━━━━━ Available data ━━━━━

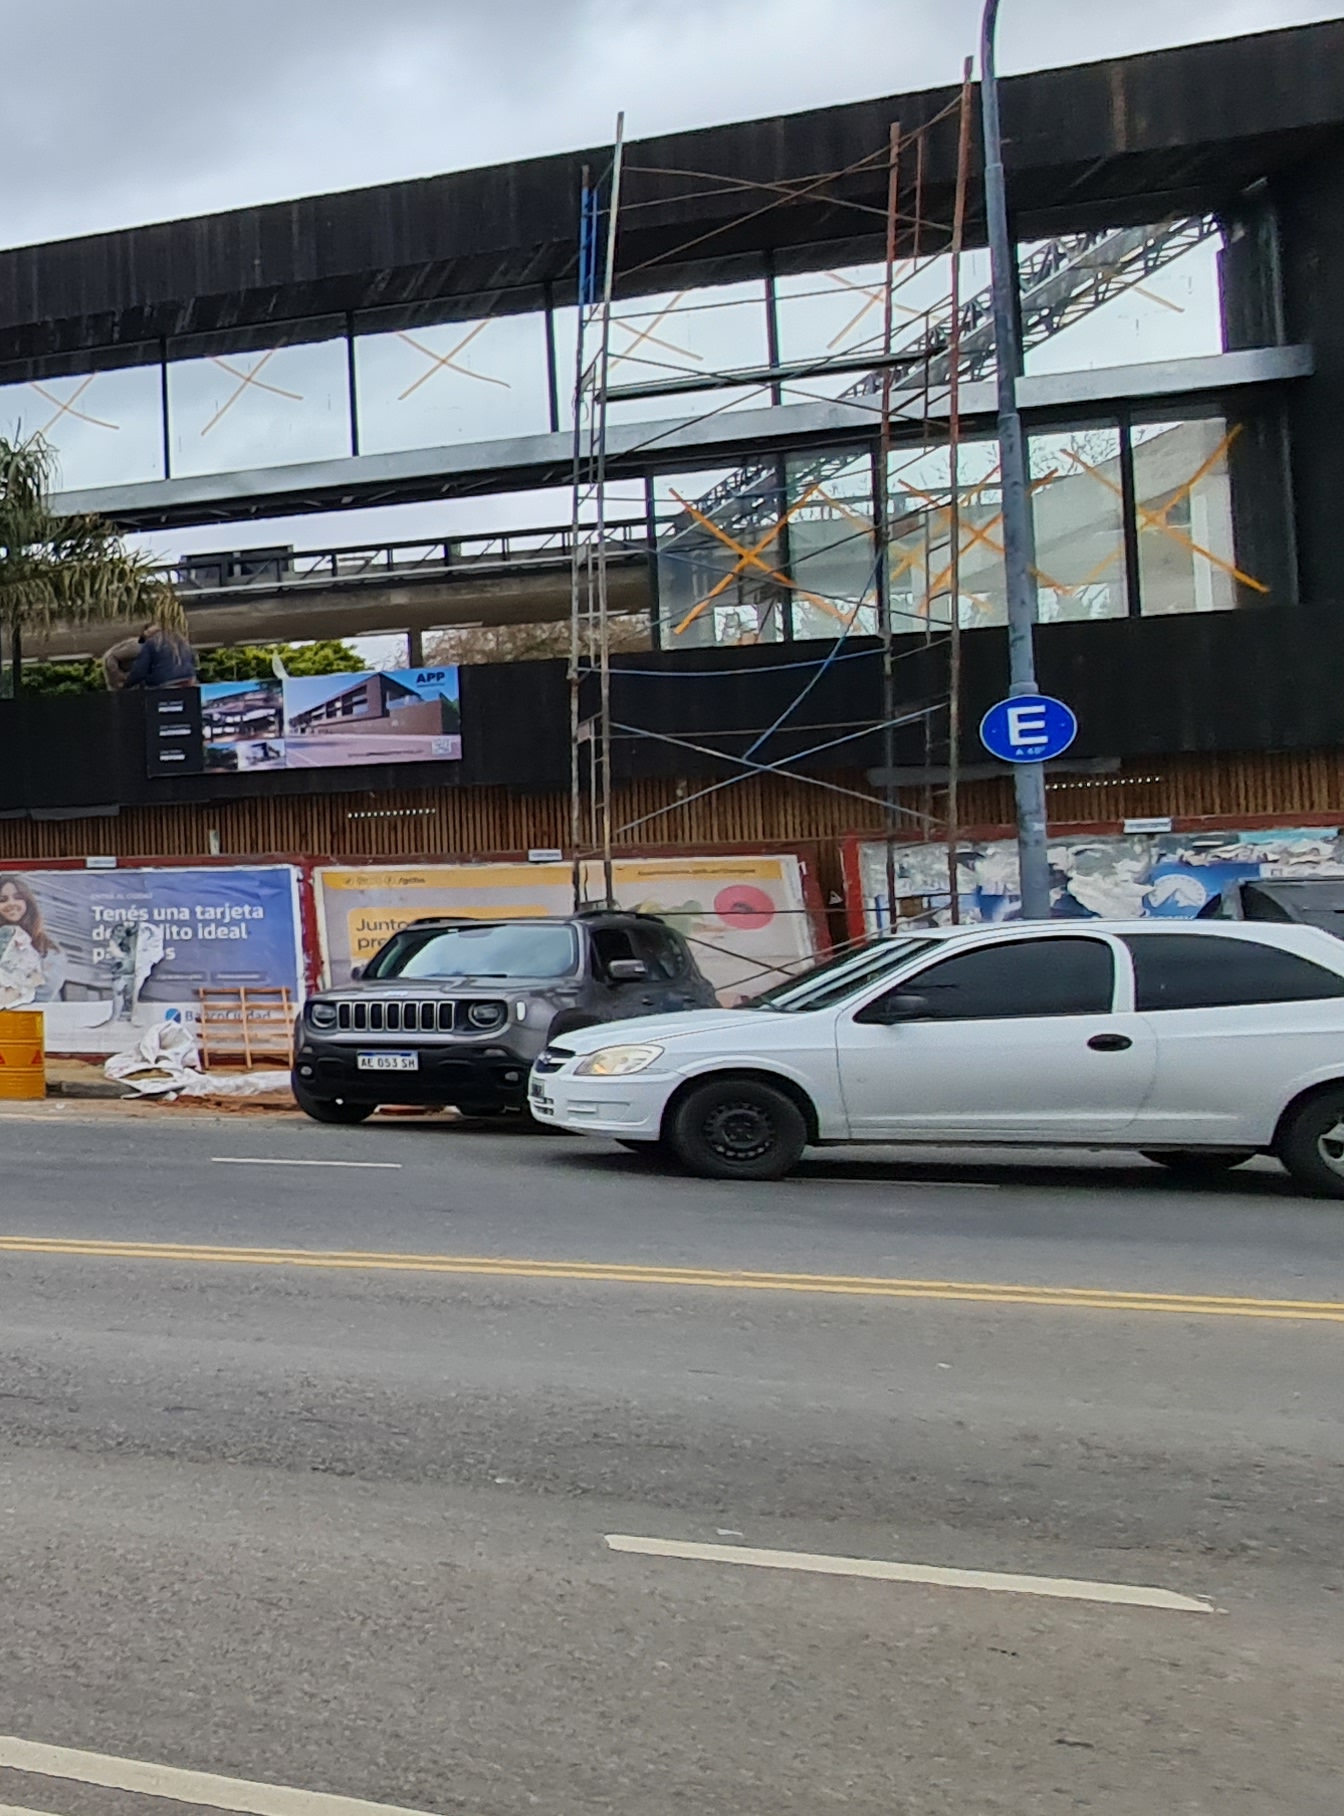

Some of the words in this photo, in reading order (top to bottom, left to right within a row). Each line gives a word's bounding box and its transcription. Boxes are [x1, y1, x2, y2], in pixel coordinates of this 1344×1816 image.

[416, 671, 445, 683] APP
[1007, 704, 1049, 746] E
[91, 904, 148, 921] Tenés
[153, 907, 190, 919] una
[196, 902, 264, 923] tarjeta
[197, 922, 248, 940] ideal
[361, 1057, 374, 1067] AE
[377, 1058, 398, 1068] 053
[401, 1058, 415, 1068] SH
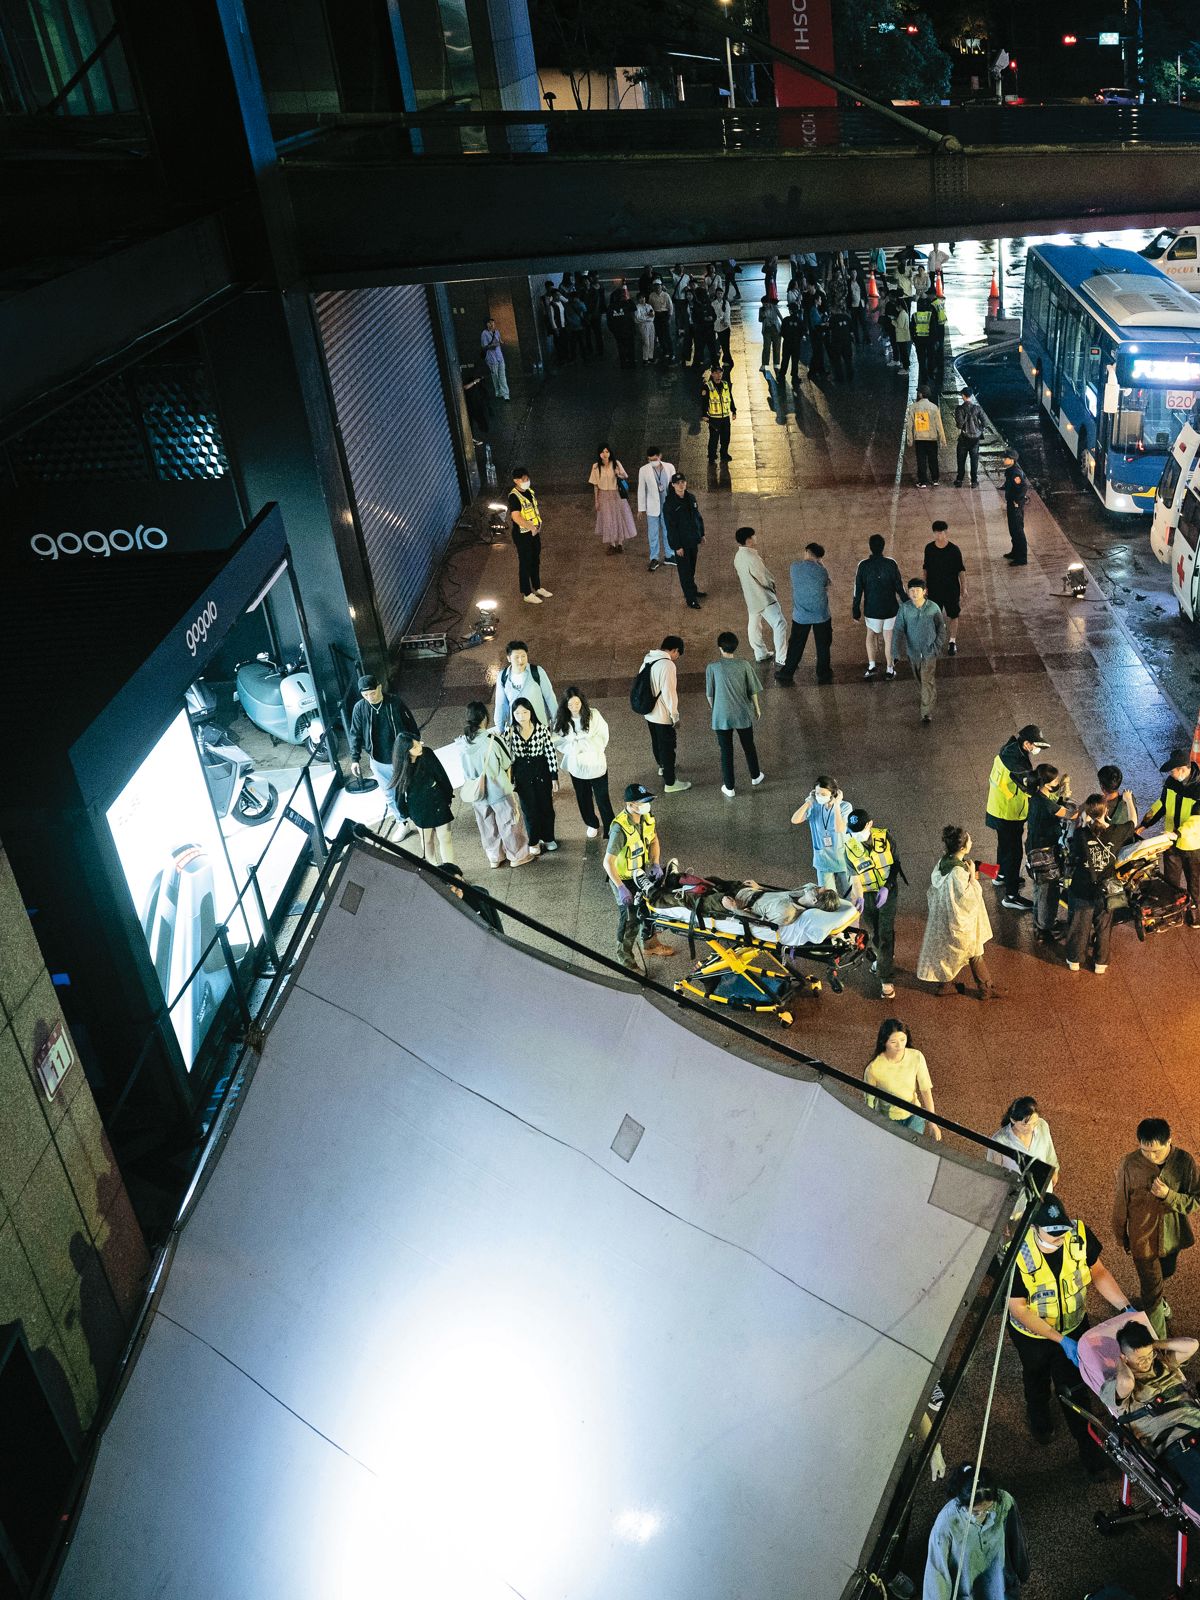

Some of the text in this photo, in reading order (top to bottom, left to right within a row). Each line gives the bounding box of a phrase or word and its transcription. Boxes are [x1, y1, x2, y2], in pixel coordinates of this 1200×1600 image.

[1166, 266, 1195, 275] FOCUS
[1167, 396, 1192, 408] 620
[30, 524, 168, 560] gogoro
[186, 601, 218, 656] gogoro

━━━━━

__Aim of the exercise__. Retype the records above line for line and exactly, omitting their pictures.

__Response__.
Some of the words in this photo, in reading order (top to bottom, left to right within a row). Each line gives a word's bounding box and its transcription. Boxes are [x1, y1, x2, y2], in pixel coordinates of this 1344×1816 image.

[416, 671, 445, 683] APP
[1007, 704, 1049, 746] E
[91, 904, 148, 921] Tenés
[153, 907, 190, 919] una
[196, 902, 264, 923] tarjeta
[197, 922, 248, 940] ideal
[361, 1057, 374, 1067] AE
[377, 1058, 398, 1068] 053
[401, 1058, 415, 1068] SH

Some of the text in this photo, in reading order (top to bottom, left to right within a row). Each line gives the bounding box of a phrase or word and its transcription. Boxes are [x1, y1, x2, y2], in pixel coordinates of this 1200×1600 image.

[1166, 266, 1195, 275] FOCUS
[1167, 396, 1192, 408] 620
[30, 524, 168, 560] gogoro
[186, 601, 218, 656] gogoro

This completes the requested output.